Dalla Malaga alla Series 2: la storia del modello
La Dutton Phaeton debutta nel 1978 come evoluzione della Malaga B+, con l'obiettivo di offrire una piccola roadster da costruire in proprio a un costo contenuto. Il progetto riprendeva l'impostazione tipica delle kit car Dutton: telaio in acciaio, sospensioni anteriori di origine Triumph e un retrotreno derivato da componenti Ford.
Nel 1980 la gamma si aggiorna con la Series 2, che mantiene l'impostazione generale della Series 1 ma introduce un nuovo schema di sospensione posteriore con balestre di tipo Ford Cortina, pensato per migliorare la tenuta di strada. La Series 2 resta in produzione fino al 1982, quando viene sostituita dalla Series 3, aggiornata per l'impiego di meccanica Ford Escort.

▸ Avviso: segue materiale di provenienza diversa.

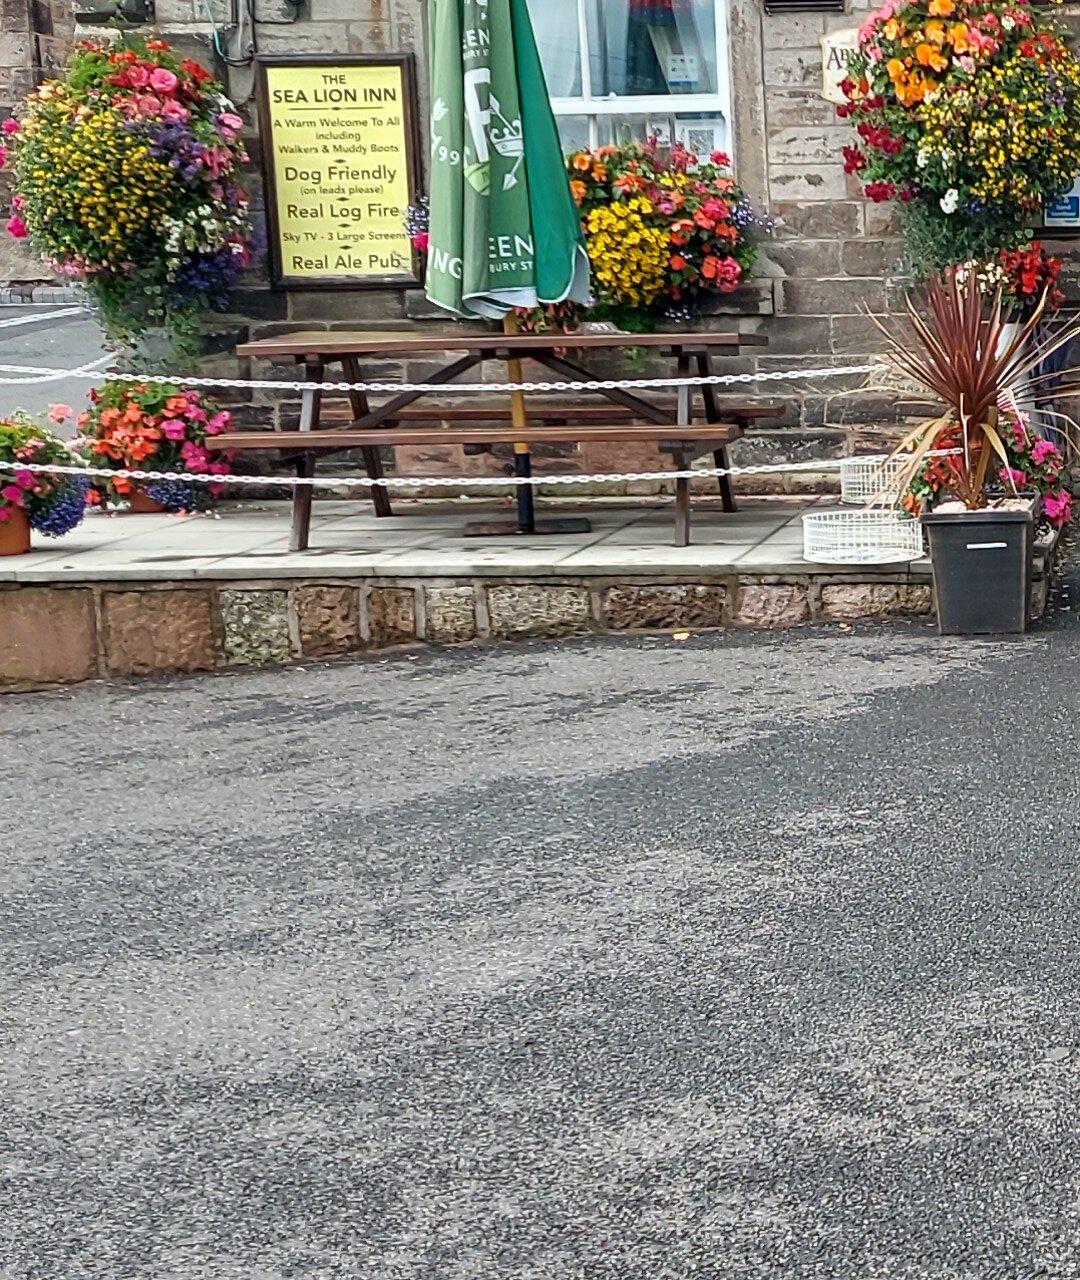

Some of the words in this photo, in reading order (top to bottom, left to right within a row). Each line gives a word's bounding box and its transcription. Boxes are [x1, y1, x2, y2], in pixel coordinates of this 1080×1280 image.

Anni di produzione Series 2
1980-1982
Meccanica e motorizzazioni
Come tutte le kit car dell'epoca, la Phaeton Series 2 veniva venduta principalmente come telaio e carrozzeria da completare con meccanica recuperata da altre vetture di serie. Il telaio a traliccio in acciaio, coperto da pannelli in vetroresina, era abbinato ad avantreno Triumph e retrotreno Ford.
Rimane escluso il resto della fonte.